New Pacific Metals Corp (NEWP) is not a strong buy at the moment for a beginner investor with a long-term strategy. While there are some positive indicators like bullish moving averages and a favorable analyst rating, the lack of significant trading trends, weak financial performance, and absence of strong catalysts suggest holding off on investment until further positive developments emerge.

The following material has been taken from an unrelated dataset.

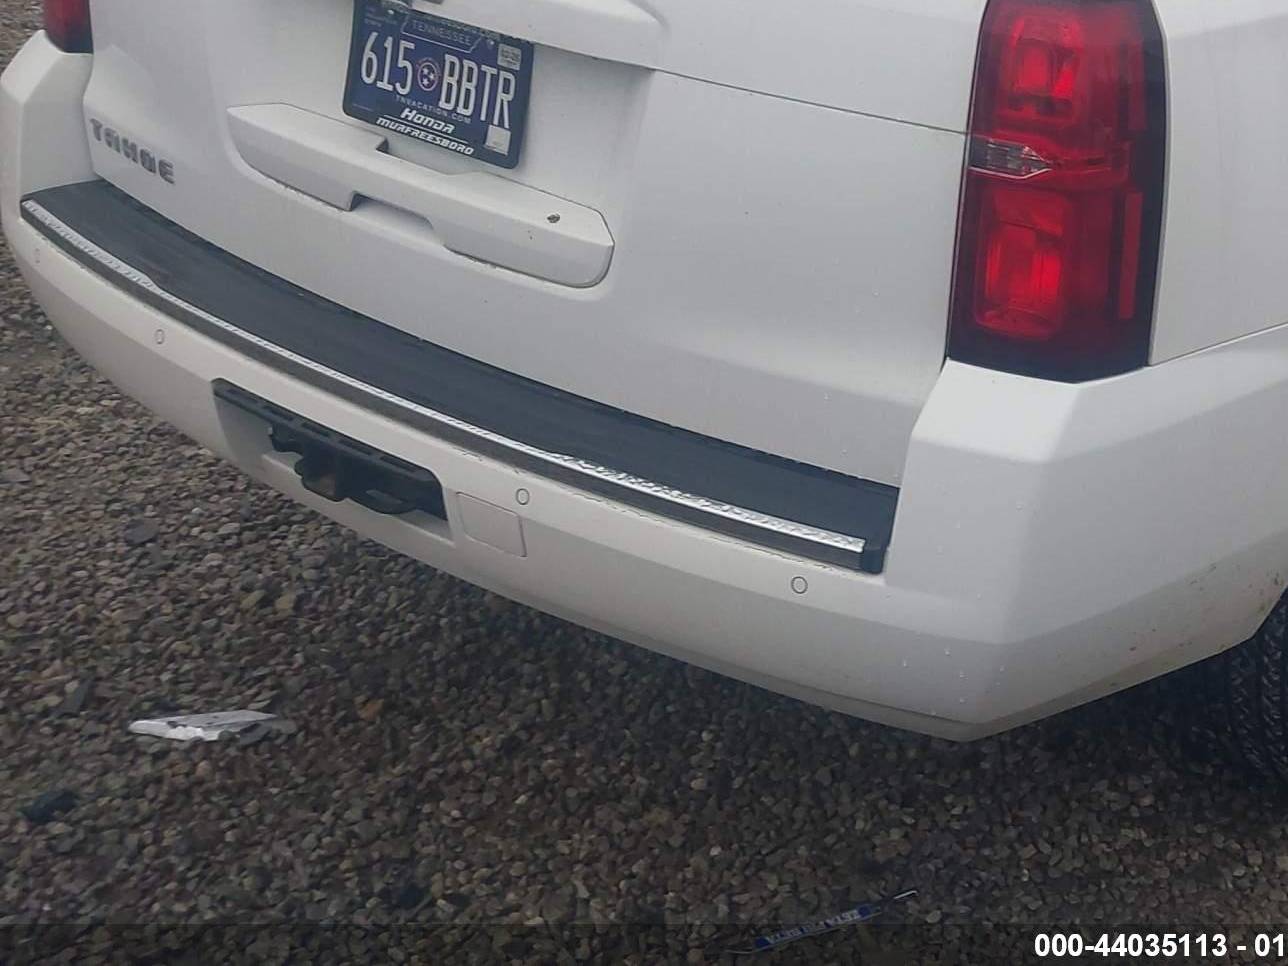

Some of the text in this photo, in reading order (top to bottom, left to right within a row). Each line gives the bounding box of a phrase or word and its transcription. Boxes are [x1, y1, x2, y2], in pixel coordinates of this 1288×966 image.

[411, 19, 472, 47] TENNESSEE
[360, 31, 516, 129] 615 BBTR
[89, 117, 176, 185] TAHOE

The technical indicators show a bullish trend with moving averages (SMA_5 > SMA_20 > SMA_200) and a positive MACD histogram of 0.0816. RSI is neutral at 64.045, and the stock is trading near its resistance level (R1: 5.612). However, the stock's short-term trend suggests a 50% chance of a slight decline (-1.7% next day, -1.64% next week) before a potential 3.26% gain in the next month.

The stock has a bullish technical setup, and ATB Capital's 'Outperform' rating with a price target of C$10 indicates long-term growth potential.
No significant trading trends from hedge funds or insiders. Financial performance is weak, with no revenue growth and a net loss of -1,584,440 in the latest quarter. No recent news or congress trading data to act as a catalyst.
In 2026/Q2, the company reported no revenue growth (0% YoY) and a net loss of -1,584,440, despite a 113.29% YoY improvement. EPS remained negative at -0.01, and gross margin was 0%.
ATB Capital initiated coverage with an 'Outperform' rating and a price target of C$10, indicating optimism for long-term growth.